I know it's not used yet. The point is how to split patches to make them more
self-contain and easy to review.
I would think this patch already self-contained in that all are implementation of cgroup reclamation building blocks utilized later. But I'll try to follow your suggestions below to split further (would prefer not to merge in general unless there is strong reasons).


For #2, sorry for not being explicit -- I meant it seems it's more reasonable to
split in this way:

Patch 1)
a). change to sgx_reclaim_pages();
I'll still prefer this to be a separate patch. It is self-contained IMHO.
We were splitting the original patch because it was too big. I don't want to merge back unless there is a strong reason.

b). introduce sgx_epc_cgroup_reclaim_pages();
Ok.

If I got you right, I believe you want to have a cgroup variant function following the same behaviour of the one for global reclaim, i.e., the _current_ sgx_reclaim_pages(), which always tries to scan and reclaim SGX_NR_TO_SCAN pages each time.

And this cgroup variant function, sgx_epc_cgroup_reclaim_pages(), tries to scan and reclaim SGX_NR_TO_SCAN pages each time "_across_ the cgroup and all the descendants".

And you want to implement sgx_epc_cgroup_reclaim_pages() in this way due to WHATEVER reasons.

In that case, the change to sgx_reclaim_pages() and the introduce of sgx_epc_cgroup_reclaim_pages() should really be together because they are completely tied together in terms of implementation.

In this way you can just explain clearly in _ONE_ patch why you choose this implementation, and for reviewer it's also easier to review because we can just discuss in one patch.

Makes sense?


c). introduce sgx_epc_cgroup_reclaim_work_func() (use a better name), which just takes an EPC cgroup as input w/o involving any work/workqueue.
This is for the workqueue use only. So I think it'd be better be with patch #2 below?

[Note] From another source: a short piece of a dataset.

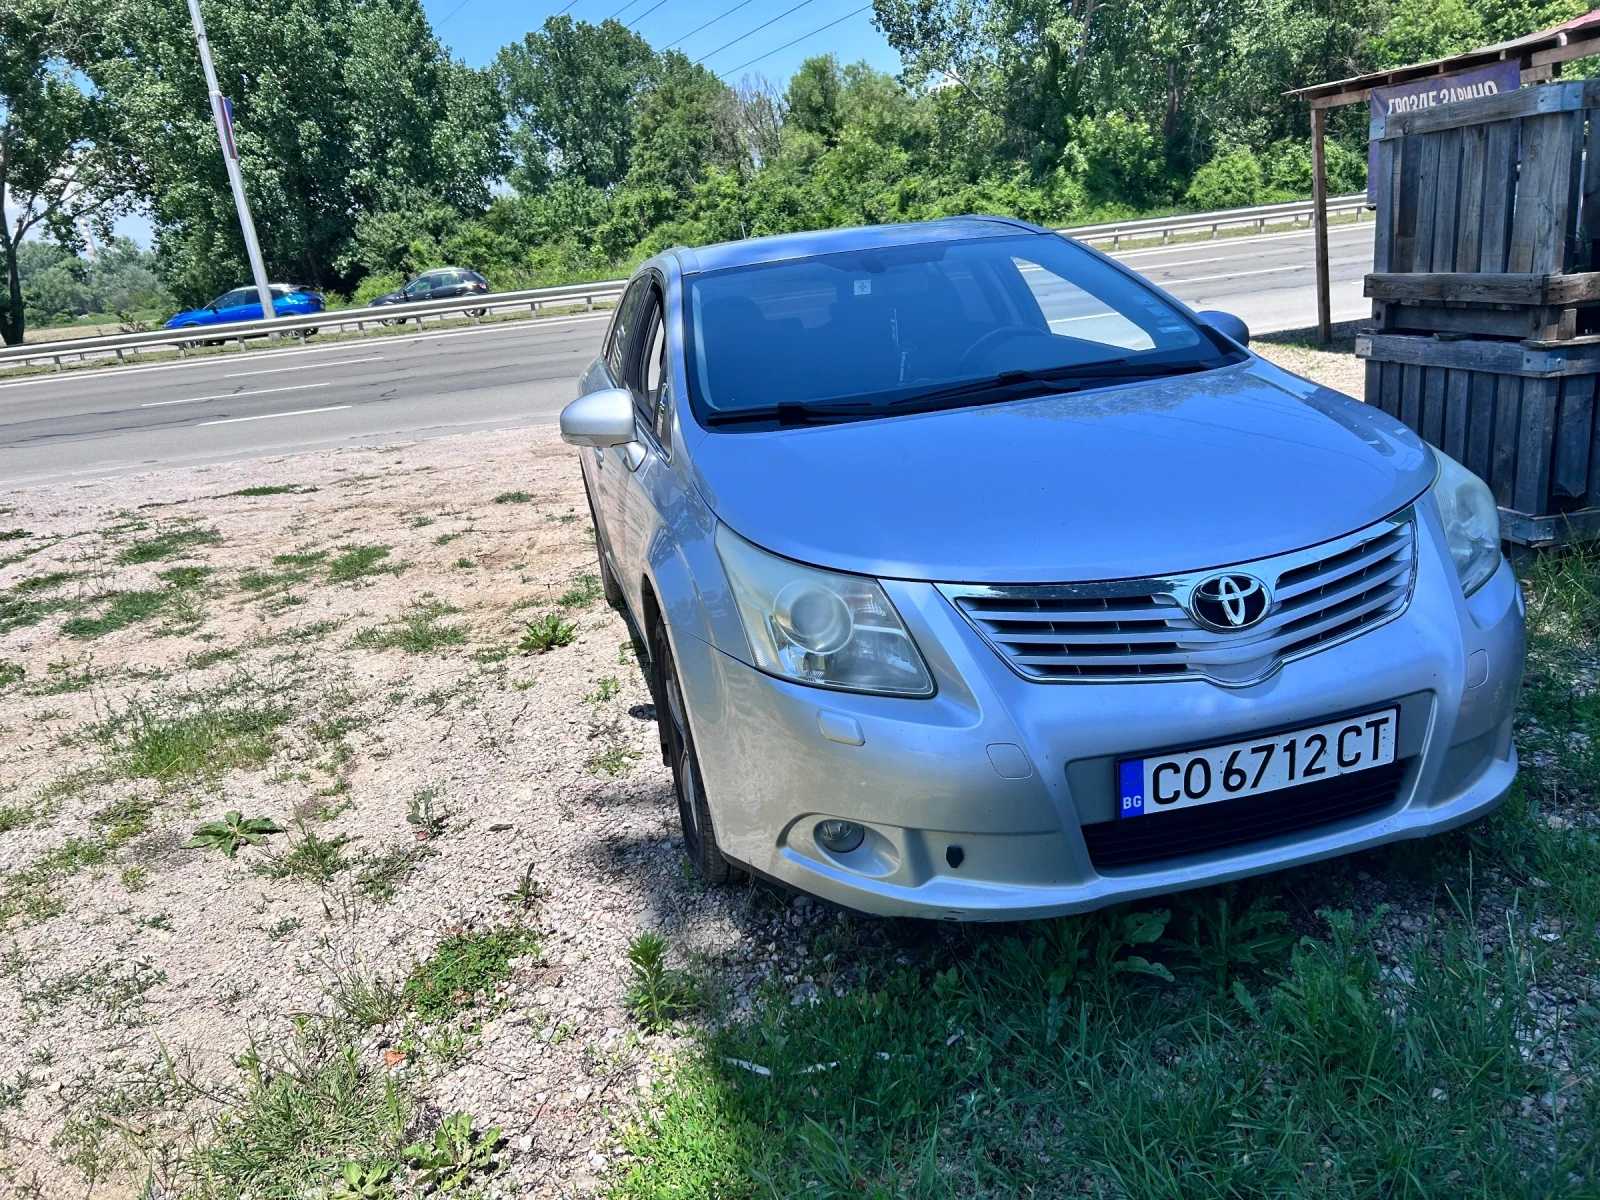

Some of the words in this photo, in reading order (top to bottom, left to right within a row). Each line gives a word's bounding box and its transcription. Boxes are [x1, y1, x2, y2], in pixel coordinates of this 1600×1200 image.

There are multiple levels of logic here IMHO:

1. a) and b) above focus on "each reclaim" a given EPC cgroup
2. c) is about a loop of above to bring given cgroup's usage to limit
3. workqueue is one (probably best) way to do c) in async way
4. the logic where 1) (direct reclaim) and 3) (indirect) are triggered

To me, it's clear 1) should be in one patch as stated above.

Also, to me 3) and 4) are better to be together since they give you a clear view on how the direct/indirect reclaim are triggered.

2) could be flexible depending on how you see it. If you prefer viewing it from low-level implementation of reclaiming pages from cgroup, then it's also OK to be together with 1). If you want to treat it as a part of _async_ way of bring down usage to limit, then _MAYBE_ it's also OK to be with 3) and 4).

But to me 2) can be together with 1) or even a separate patch because it's still kinda of low-level reclaiming details. 3) and 4) shouldn't contain such detail but should focus on how direct/indirect reclaim is done.

I incorporated most of your suggestions, and think it'd be better discuss this with actual code.

So I'm sending out v10, and just quickly summarize what I did to address this particular issue here.

I pretty much follow above suggestions and end up with two patches:

1) a) and b) above plus direct reclaim triggered in try_charge() so reviewers can see at lease one use of the sgx_cgroup_reclaim_pages(), which is the basic building block.

2) All async related: c) above, workqueue, indirect triggered in try_charge() which queues the work.

Please review v10 and if you think the triggering parts need be separated then I'll separate.

Additionally, after more experimentation, I simplified sgx_reclaim_pages() by removing the pointer for *nr_to_scan as you suggested, but returning pages collected for isolation (attempted for reclaim) instead of pages actually reclaimed. I found performance is acceptable with this approach.

Thanks again for your review.
Haitao